Assigned task: As you reproduce every line below, keep it exactly as written and leave out the images.

Stored data entries:
---------------

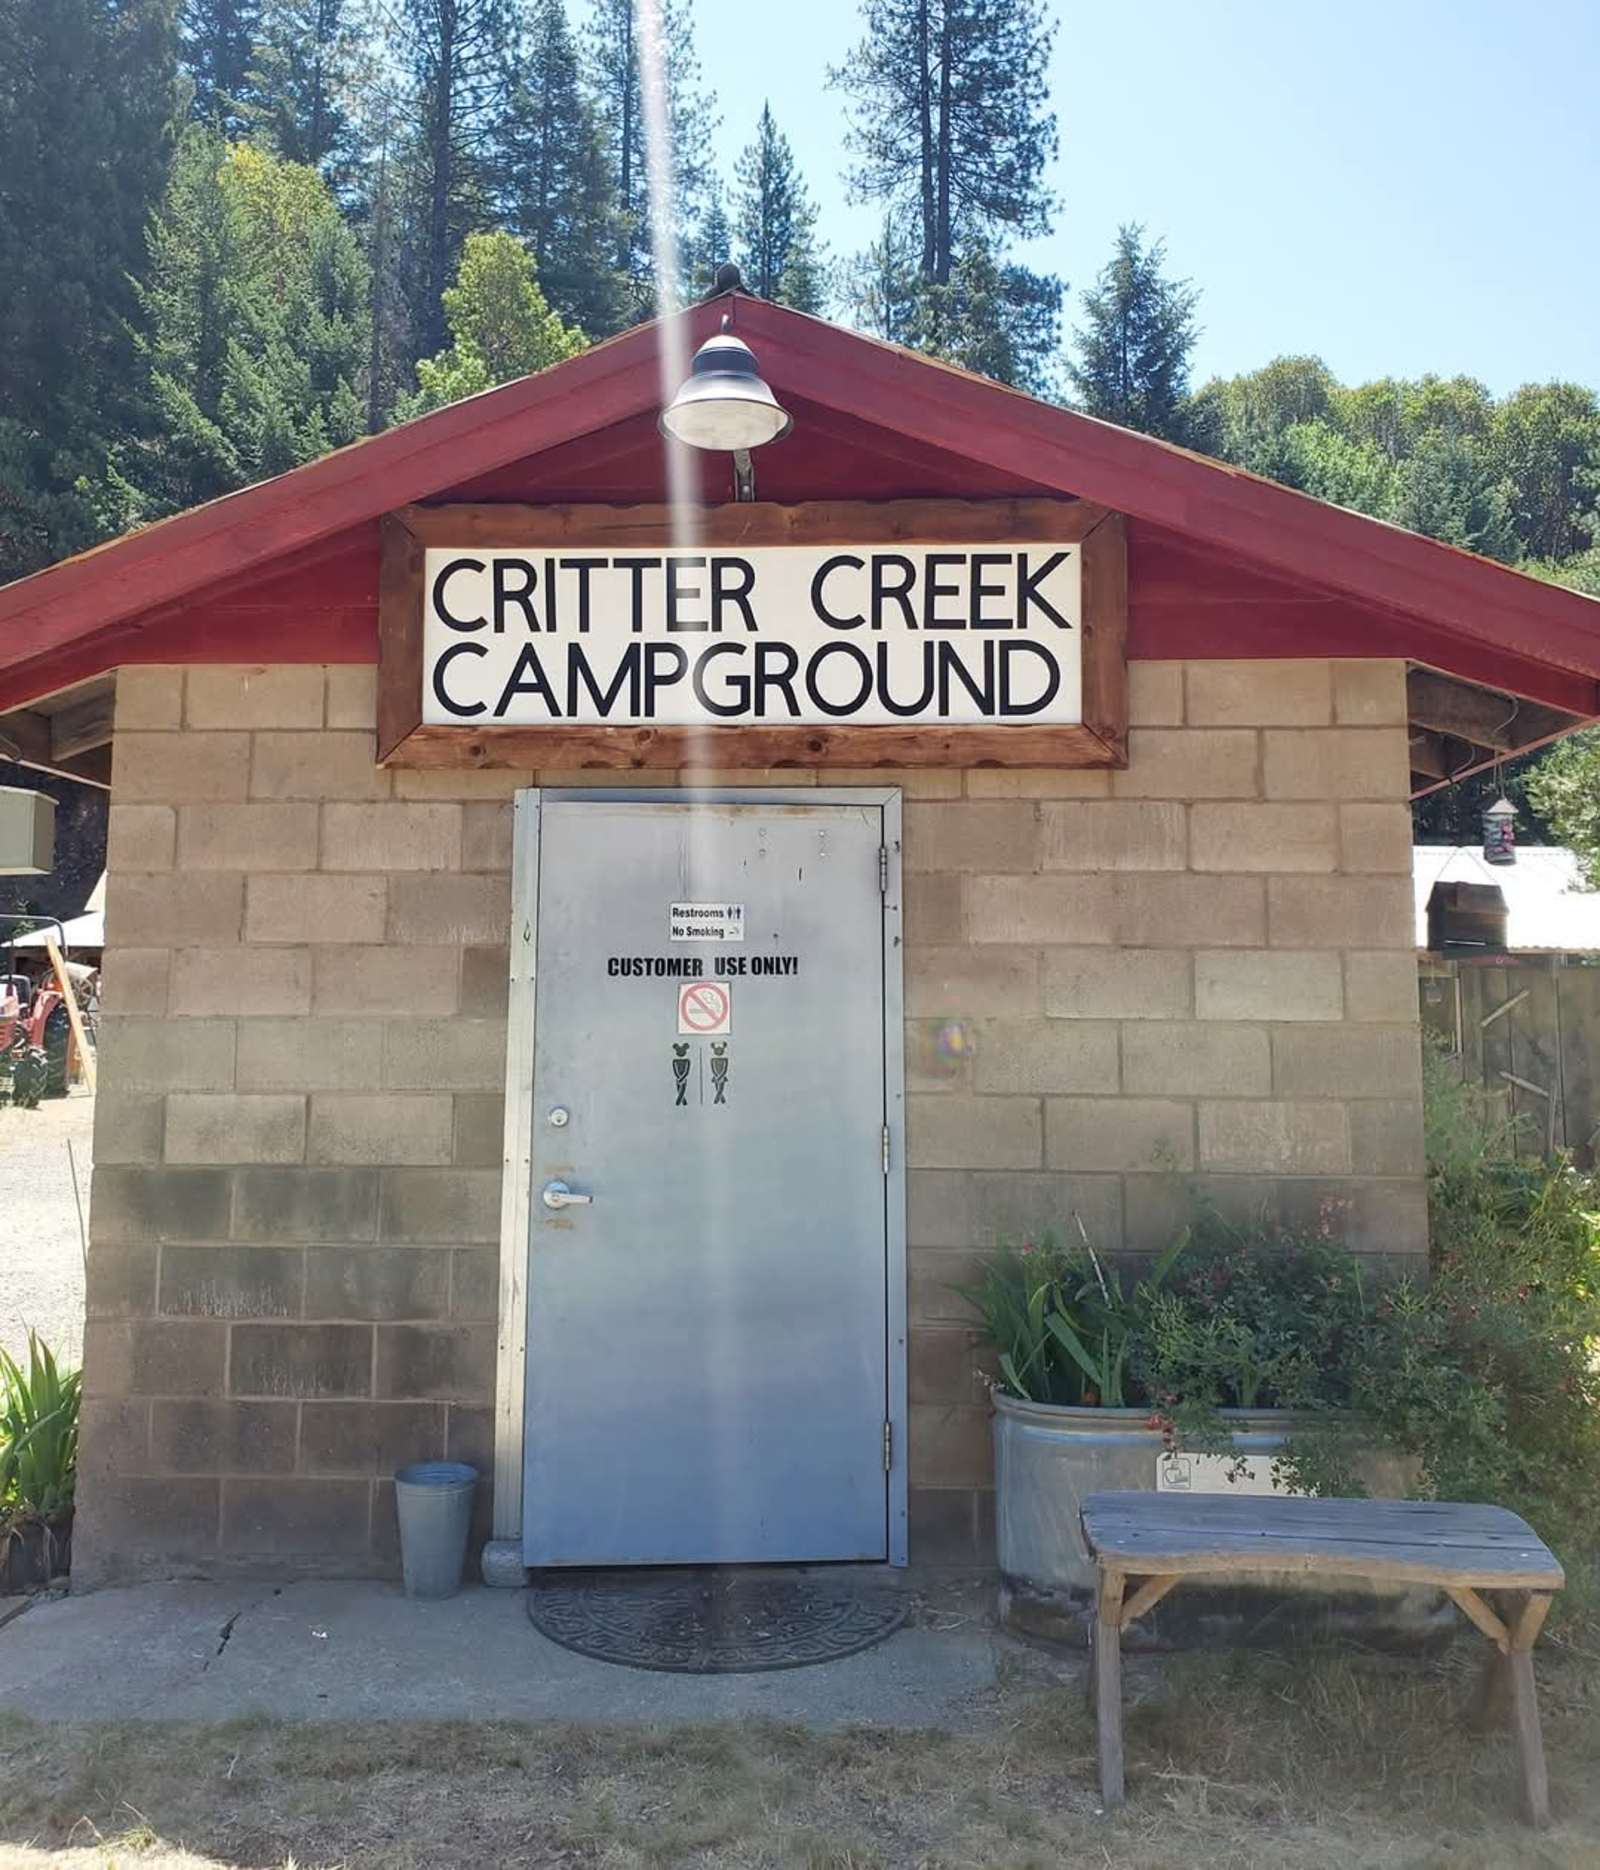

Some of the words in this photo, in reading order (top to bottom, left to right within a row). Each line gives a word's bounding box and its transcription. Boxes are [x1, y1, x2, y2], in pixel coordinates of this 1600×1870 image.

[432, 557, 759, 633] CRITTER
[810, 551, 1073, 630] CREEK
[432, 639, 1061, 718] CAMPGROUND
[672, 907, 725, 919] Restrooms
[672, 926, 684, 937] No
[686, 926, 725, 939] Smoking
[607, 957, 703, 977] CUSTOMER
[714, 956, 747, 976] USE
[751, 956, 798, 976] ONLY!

---------------

Solution below:
Some of the words in this photo, in reading order (top to bottom, left to right within a row). Each line gives a word's bounding box and its transcription. Boxes are [x1, y1, x2, y2], in pixel coordinates of this 1600×1870 image.

[432, 557, 759, 633] CRITTER
[810, 551, 1073, 630] CREEK
[432, 639, 1061, 718] CAMPGROUND
[672, 907, 725, 919] Restrooms
[672, 926, 684, 937] No
[686, 926, 725, 939] Smoking
[607, 957, 703, 977] CUSTOMER
[714, 956, 747, 976] USE
[751, 956, 798, 976] ONLY!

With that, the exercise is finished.